What the exercise asks: Copy the entries exactly. Their pictures do not belong in the copy.

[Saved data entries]
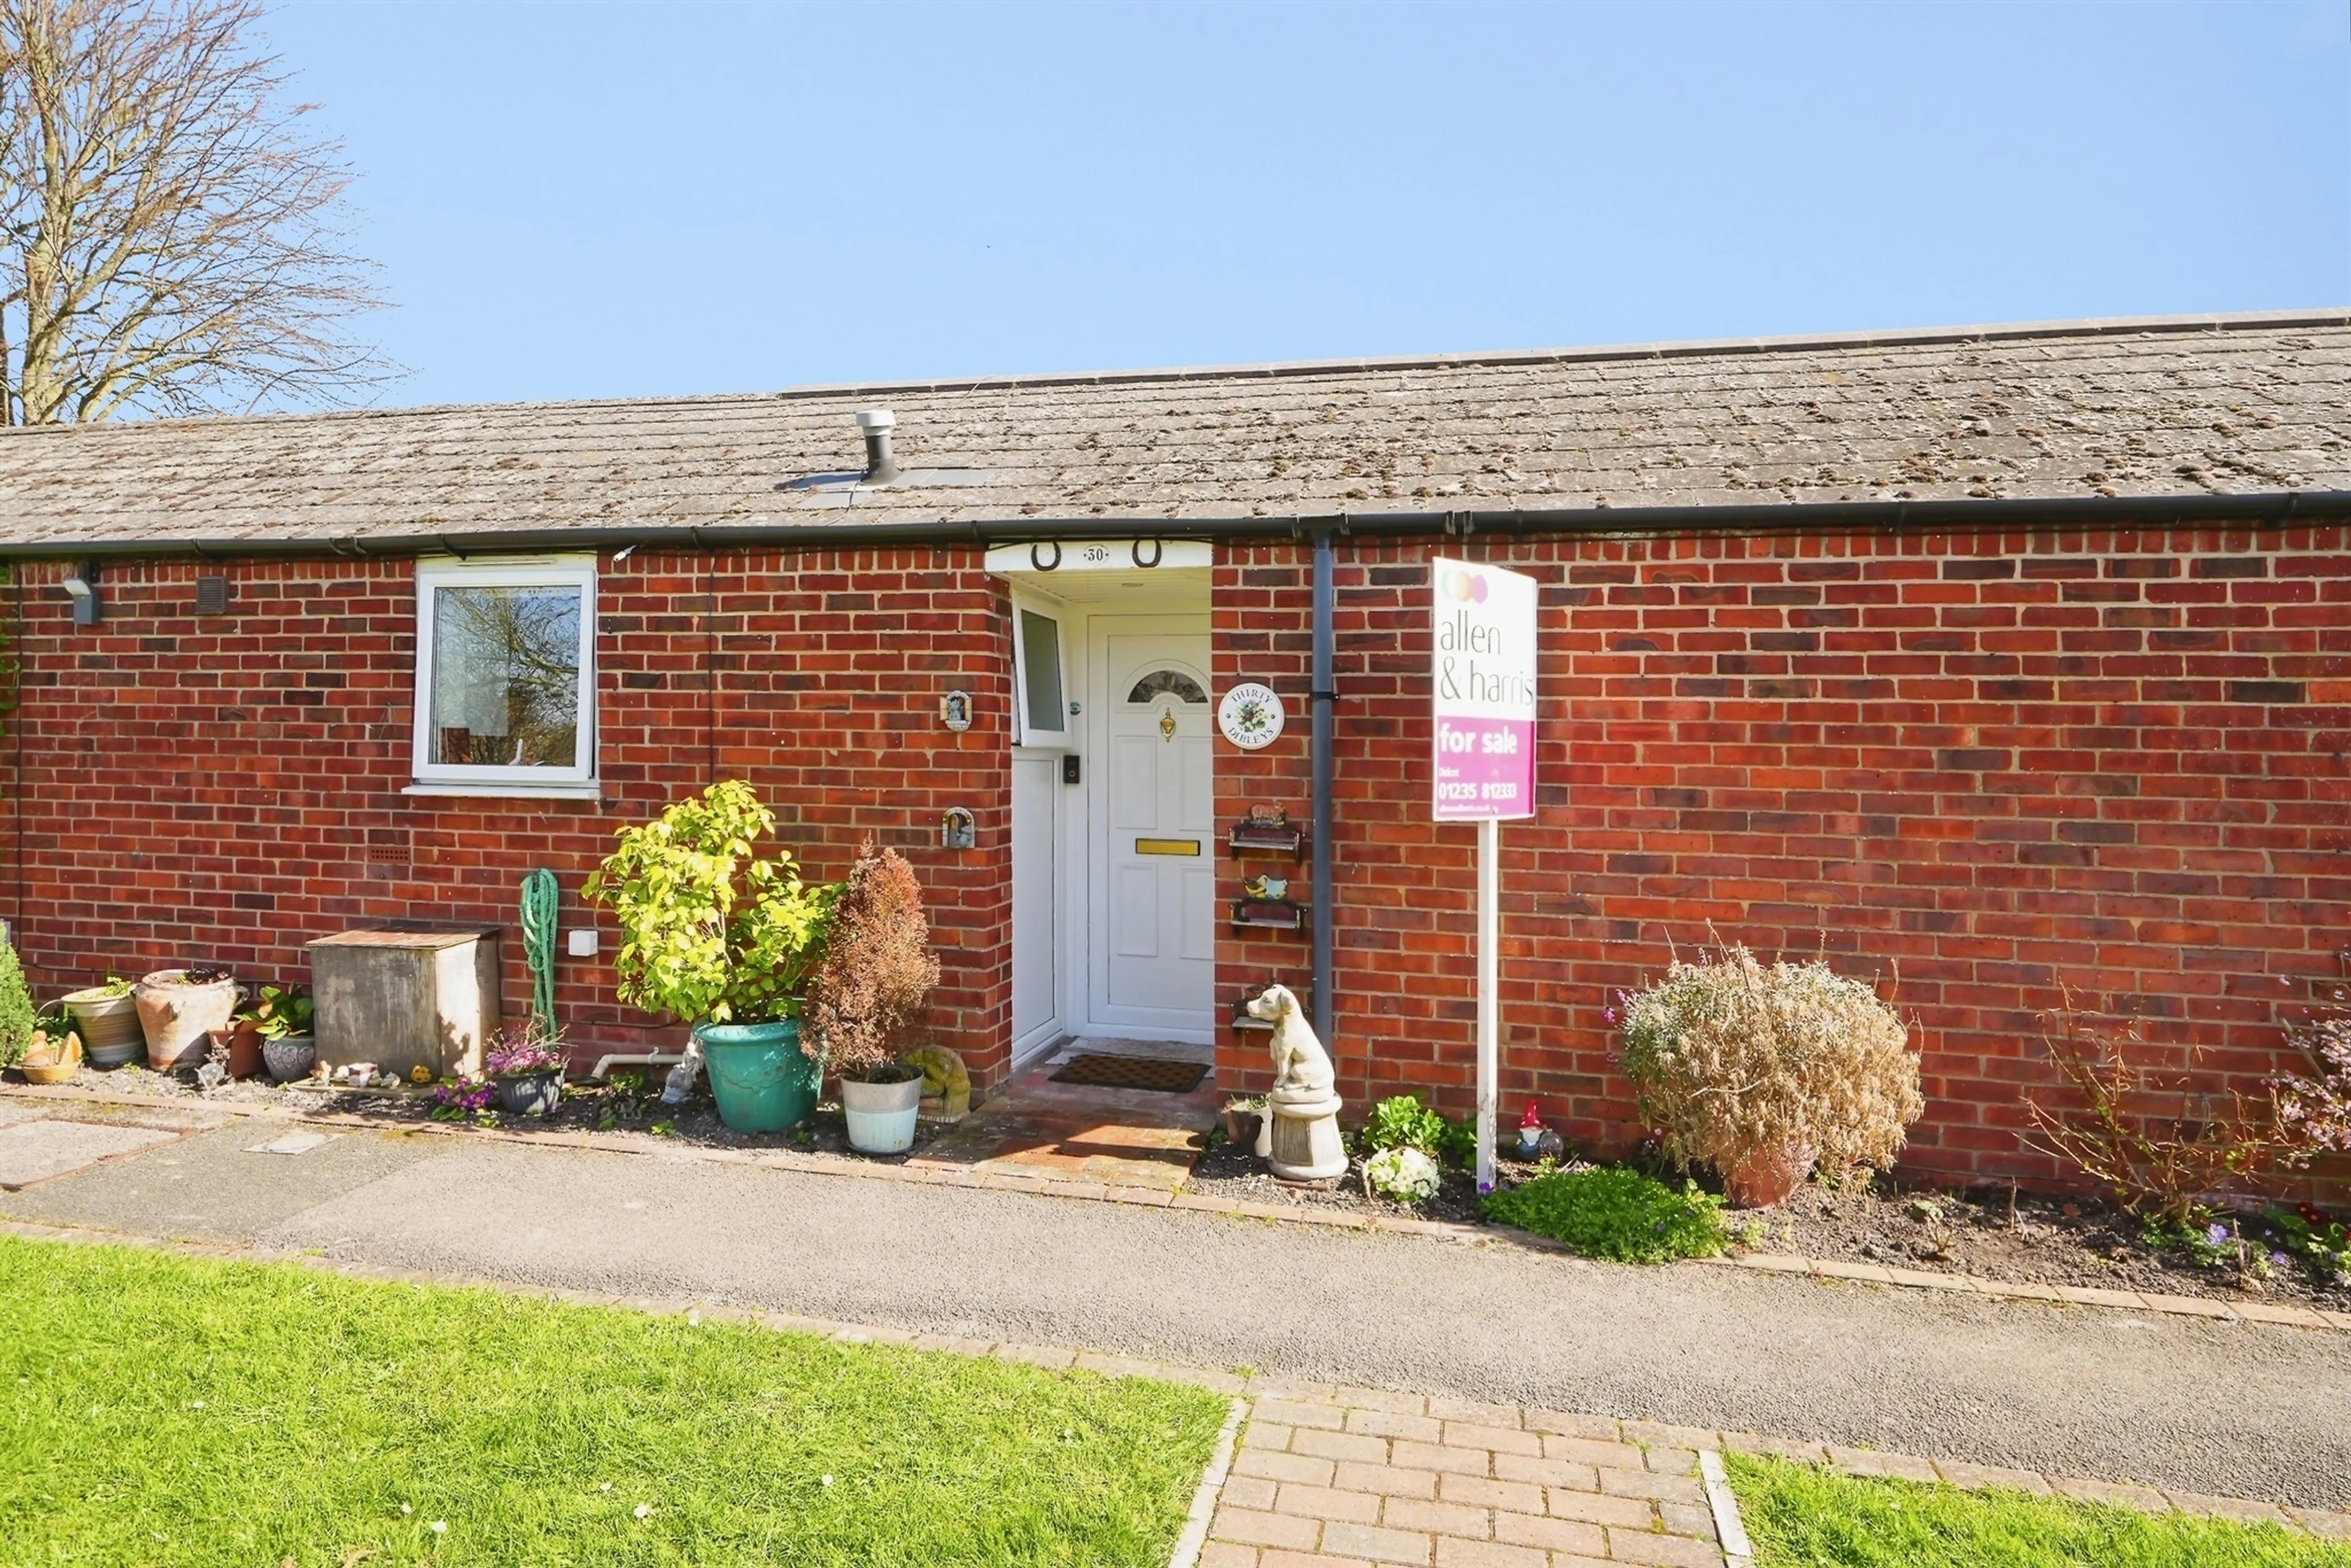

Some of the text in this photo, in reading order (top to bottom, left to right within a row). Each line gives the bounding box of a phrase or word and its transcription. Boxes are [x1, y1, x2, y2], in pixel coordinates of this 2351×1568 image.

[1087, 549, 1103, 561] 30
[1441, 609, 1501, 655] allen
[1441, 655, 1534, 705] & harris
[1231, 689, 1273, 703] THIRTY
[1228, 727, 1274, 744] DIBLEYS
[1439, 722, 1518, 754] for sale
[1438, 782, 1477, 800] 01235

Response:
Some of the text in this photo, in reading order (top to bottom, left to right within a row). Each line gives the bounding box of a phrase or word and its transcription. Boxes are [x1, y1, x2, y2], in pixel coordinates of this 2351×1568 image.

[1087, 549, 1103, 561] 30
[1441, 609, 1501, 655] allen
[1441, 655, 1534, 705] & harris
[1231, 689, 1273, 703] THIRTY
[1228, 727, 1274, 744] DIBLEYS
[1439, 722, 1518, 754] for sale
[1438, 782, 1477, 800] 01235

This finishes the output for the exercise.